I have a website that talks to a remote WCF web service. Both use the same custom FormsAuthentication Provider. I would like to authenticate with the WCF service impersonating the user currently logged in the site. I already did this manually, using UserName client credentials but I need to know the user password. So, what works so fart is this: an authenticated user makes a request, I create a Service Client and set his credentials:

serviceClient.ClientCredentials.UserName.UserName = username;
serviceClient.ClientCredentials.UserName.Password = password;

But what I really want is to pass the FormsAuthentication cookie directly, because I don't want to store the user password.

Any ideas?

Was it helpful?

Solution

It sounds like you're looking for the Windows Communication Foundation Authentication Service.

EDIT:

After re-reading the question more carefully (and after Ariel's comment) I'd like to retract the above suggestion. The WCF Authentication Service won't add much to this scenario.

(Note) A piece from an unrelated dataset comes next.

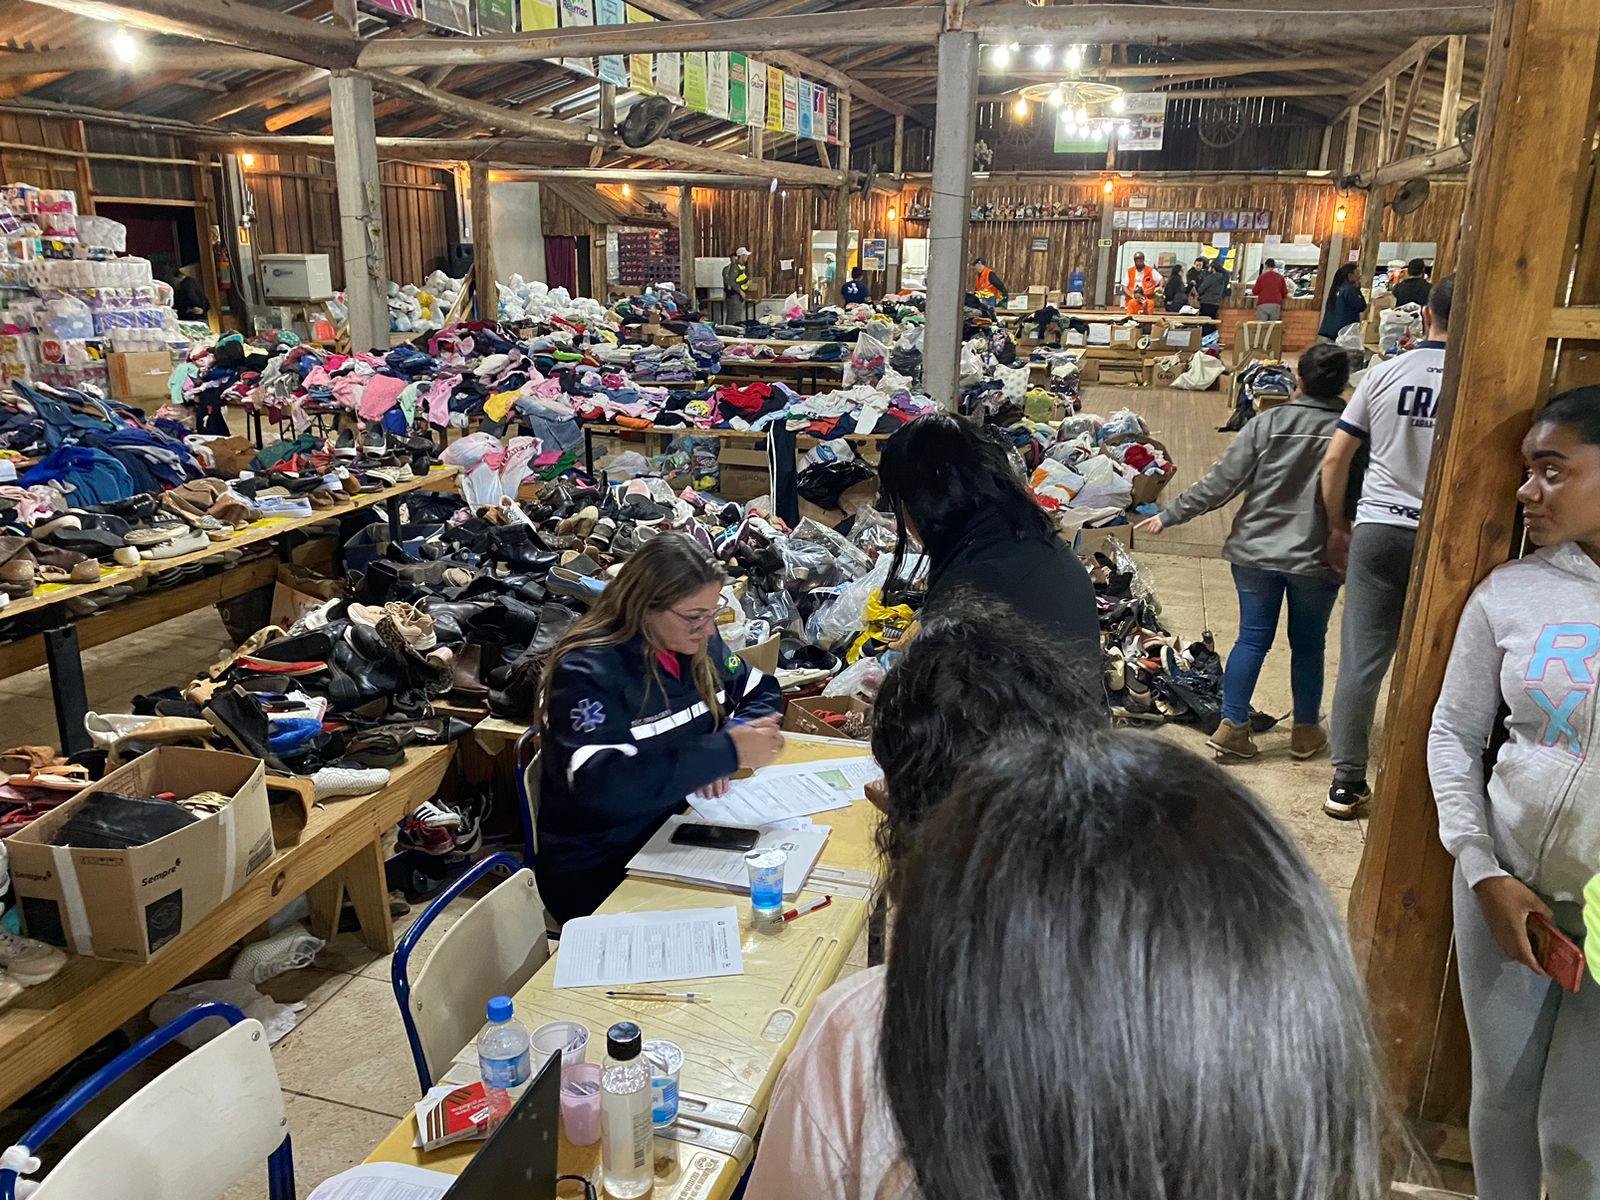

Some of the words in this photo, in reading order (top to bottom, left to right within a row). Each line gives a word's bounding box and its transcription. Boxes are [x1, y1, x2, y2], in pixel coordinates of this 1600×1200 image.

[1524, 621, 1600, 685] R
[1523, 686, 1592, 760] X
[141, 866, 177, 887] Sempre

I haven't done this between WCF and ASP.NET, however I have configured ASP.NET applications to share forms authenticated users, perhaps I can help in some way.

To ensure that both applications can encrypt/decrypt the forms authentication cookie in the same way you should configure the <machineKey> element for both applications (in web.config or machine.config depending on whether you want to do this at the machine or application level). You should look at the validation, validationKey, decryption and decryptionKey attributes.

Ensure that your <forms> elements in both web.config files are configured similarly. Specifically the name, path and domain attributes.

It's likely that this only applies to cookies passed to/from a web browser (but may be useful in this case): To allow cookies to be passed between the websites www.foo.com and bar.foo.com you would configure the forms element as follows to allow cookies to be set on one site and successfully passed to the other:

<forms ... domain=".foo.com" ... />

Passing the cookie to the WCF service is likely to be the tricky bit. I'm not very experienced with WCF, so I've adapted code from kennyw.com:

HttpRequestMessageProperty httpRequestProperty = new HttpRequestMessageProperty();
httpRequestProperty.Headers.Add(HttpRequestHeader.Cookie, "<Forms Authentication Cookie>");

using (OperationContextScope scope = new OperationContextScope(serviceClient.InnerChannel))
{
  OperationContext.Current.OutgoingMessageProperties[HttpRequestMessageProperty.Name] = httpRequestProperty;
  serviceClient.MethodName();
} 

If you're hosting WCF within IIS (and not self-hosting) you can pass the WCF request through the ASP.NET processing pipeline by setting

<system.serviceModel>
    <serviceHostingEnvironment aspNetCompatibilityEnabled="true" ... />
</system.serviceModel>

If you're self hosting you could examine the request headers using the incoming message's properties in OperationContext.Current.IncomingMessageProperties and get the forms authentication cookie value and decrypt it using FormsAuthentication.Decrypt(string).

I have no idea whether any of this would work, but would love to hear if it does!

OTHER TIPS

It's simple enough to do if you host the WCF service within the authenticated IIS site.

Enable compatibility by adding the following to your system.ServiceModel section in your web.config

<system.serviceModel>  
  <serviceHostingEnvironment aspNetCompatibilityEnabled="true" /> 
</system.serviceModel>

Then decorate each service you wish to accept the cookie with the following

[AspNetCompatibilityRequirements(
    RequirementsMode = AspNetCompatibilityRequirementsMode.Allowed)]

Now the HttpContext.Current.User.Identity object will be correctly populated and you can also use PrinciplePermission demands to limit access by role or to particular users.